Data for this task Block Start

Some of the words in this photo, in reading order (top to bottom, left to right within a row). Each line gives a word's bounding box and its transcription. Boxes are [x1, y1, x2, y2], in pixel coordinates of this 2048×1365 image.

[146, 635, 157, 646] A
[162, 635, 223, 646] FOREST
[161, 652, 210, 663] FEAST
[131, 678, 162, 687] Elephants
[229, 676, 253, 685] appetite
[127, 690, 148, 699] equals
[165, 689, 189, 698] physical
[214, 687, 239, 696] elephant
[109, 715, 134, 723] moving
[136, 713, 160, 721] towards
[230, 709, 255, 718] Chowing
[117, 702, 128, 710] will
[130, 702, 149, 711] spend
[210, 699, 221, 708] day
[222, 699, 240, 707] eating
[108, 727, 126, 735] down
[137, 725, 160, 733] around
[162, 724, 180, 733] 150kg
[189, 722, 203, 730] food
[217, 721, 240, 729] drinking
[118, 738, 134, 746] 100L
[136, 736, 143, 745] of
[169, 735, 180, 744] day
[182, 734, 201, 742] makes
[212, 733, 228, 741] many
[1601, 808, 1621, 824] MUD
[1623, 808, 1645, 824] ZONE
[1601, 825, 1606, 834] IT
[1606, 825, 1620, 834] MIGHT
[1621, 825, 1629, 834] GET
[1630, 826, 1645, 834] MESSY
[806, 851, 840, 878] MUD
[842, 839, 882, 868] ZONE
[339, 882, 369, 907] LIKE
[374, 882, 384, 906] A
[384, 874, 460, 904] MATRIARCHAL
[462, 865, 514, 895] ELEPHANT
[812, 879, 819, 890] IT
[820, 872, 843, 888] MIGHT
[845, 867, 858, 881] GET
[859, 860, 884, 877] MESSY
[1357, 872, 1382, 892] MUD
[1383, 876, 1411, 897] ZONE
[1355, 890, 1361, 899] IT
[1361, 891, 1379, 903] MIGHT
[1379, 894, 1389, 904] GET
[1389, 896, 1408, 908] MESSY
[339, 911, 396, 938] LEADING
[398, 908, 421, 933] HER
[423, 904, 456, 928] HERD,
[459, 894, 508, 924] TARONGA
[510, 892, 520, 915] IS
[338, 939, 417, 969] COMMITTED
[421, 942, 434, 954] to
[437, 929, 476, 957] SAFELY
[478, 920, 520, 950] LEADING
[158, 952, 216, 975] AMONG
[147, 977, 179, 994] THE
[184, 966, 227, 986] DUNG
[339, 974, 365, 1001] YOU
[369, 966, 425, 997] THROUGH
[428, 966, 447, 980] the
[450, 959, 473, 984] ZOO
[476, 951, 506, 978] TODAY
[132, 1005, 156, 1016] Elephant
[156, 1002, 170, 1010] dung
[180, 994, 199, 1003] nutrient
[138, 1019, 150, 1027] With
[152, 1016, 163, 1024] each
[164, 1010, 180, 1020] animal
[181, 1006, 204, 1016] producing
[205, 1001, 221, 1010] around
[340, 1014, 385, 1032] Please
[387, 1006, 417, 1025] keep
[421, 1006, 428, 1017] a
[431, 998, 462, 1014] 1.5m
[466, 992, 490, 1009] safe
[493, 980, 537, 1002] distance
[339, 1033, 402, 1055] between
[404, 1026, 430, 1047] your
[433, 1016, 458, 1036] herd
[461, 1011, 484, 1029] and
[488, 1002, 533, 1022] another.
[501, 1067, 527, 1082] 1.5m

Data for this task Block End

Could you return every line from the entries above in which the string "around" occurs?

[137, 725, 160, 733] around
[205, 1001, 221, 1010] around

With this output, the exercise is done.